MIHA results are used to improve our understanding of emerging health issues and monitor progress in improving the health of mothers and infants across California. These findings inform decisions, influence changes in public health programs and clinical practice, and assist program planners in targeting limited resources.

  Do you use MIHA data in your work? Please tell us how you use MIHA data to improve the health of mothers and infants in California.


MIHA provides data to meet reporting mandates

MIHA provides data for multiple reporting mandates across CDPH, including the Health Resources and Services Administration Title V Maternal and Child Health Block Grant, the primary funding source for State and Local MCAH Programs throughout California.
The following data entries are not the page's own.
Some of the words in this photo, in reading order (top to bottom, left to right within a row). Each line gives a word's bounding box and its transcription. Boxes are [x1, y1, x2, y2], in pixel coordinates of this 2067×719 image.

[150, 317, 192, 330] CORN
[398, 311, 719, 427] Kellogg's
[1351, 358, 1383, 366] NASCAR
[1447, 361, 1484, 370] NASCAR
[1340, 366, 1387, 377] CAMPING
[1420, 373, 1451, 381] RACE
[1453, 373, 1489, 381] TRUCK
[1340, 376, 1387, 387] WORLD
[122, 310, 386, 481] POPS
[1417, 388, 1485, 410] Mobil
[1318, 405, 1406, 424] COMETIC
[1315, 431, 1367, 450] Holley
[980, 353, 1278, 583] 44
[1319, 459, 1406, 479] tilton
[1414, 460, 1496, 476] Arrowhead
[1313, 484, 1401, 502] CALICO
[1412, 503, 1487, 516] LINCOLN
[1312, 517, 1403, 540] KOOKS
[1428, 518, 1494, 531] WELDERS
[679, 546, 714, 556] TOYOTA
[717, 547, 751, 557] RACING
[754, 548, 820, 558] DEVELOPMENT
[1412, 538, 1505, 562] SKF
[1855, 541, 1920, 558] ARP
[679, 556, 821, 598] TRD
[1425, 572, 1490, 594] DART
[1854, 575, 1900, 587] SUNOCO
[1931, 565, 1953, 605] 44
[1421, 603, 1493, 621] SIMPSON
MIHA also has supported the following agencies in meeting their reporting needs: the Office of Family Planning, the California Office of AIDS, and the Alcohol and Drug Program.


MIHA data describe women who are eligible for but not enrolled in WIC

Multistate data from MIHA and PRAMS were used to estimate how many women were eligible for but not enrolled in WIC during pregnancy, and to describe their characteristics and risks. Results identify the scope of WIC outreach needed to include more eligible nonparticipants in WIC and whom to target.


    MIHA provides data to monitor infant feeding and care practices

    MIHA collects data used to monitor progress towards achieving Healthy People 2020 objectives for breastfeeding initiation, duration and exclusivity, and hospital and worksite support for breastfeeding mothers and infants. These data are used to celebrate successes and to identify opportunities to better protect, promote, and support breastfeeding in California. In a recent report, the California Department of Public Health used MIHA data to highlight the contributions of breastfeeding to reducing the burden of childhood overweight and obesity. 


    MIHA results used in establishing recommendations for weight gain during pregnancy

    In 2006, the National Research Council and the Institute of Medicine (IOM) held a workshop to reexamine the 1990 IOM guidelines for weight gain during pregnancy. MIHA data on pre-pregnancy weight status and patterns of weight gain during pregnancy were provided to the Committee. As a result of this workshop, new IOM recommendations for weight gain during pregnancy by pre-pregnancy weight status (BMI) were released in 2009.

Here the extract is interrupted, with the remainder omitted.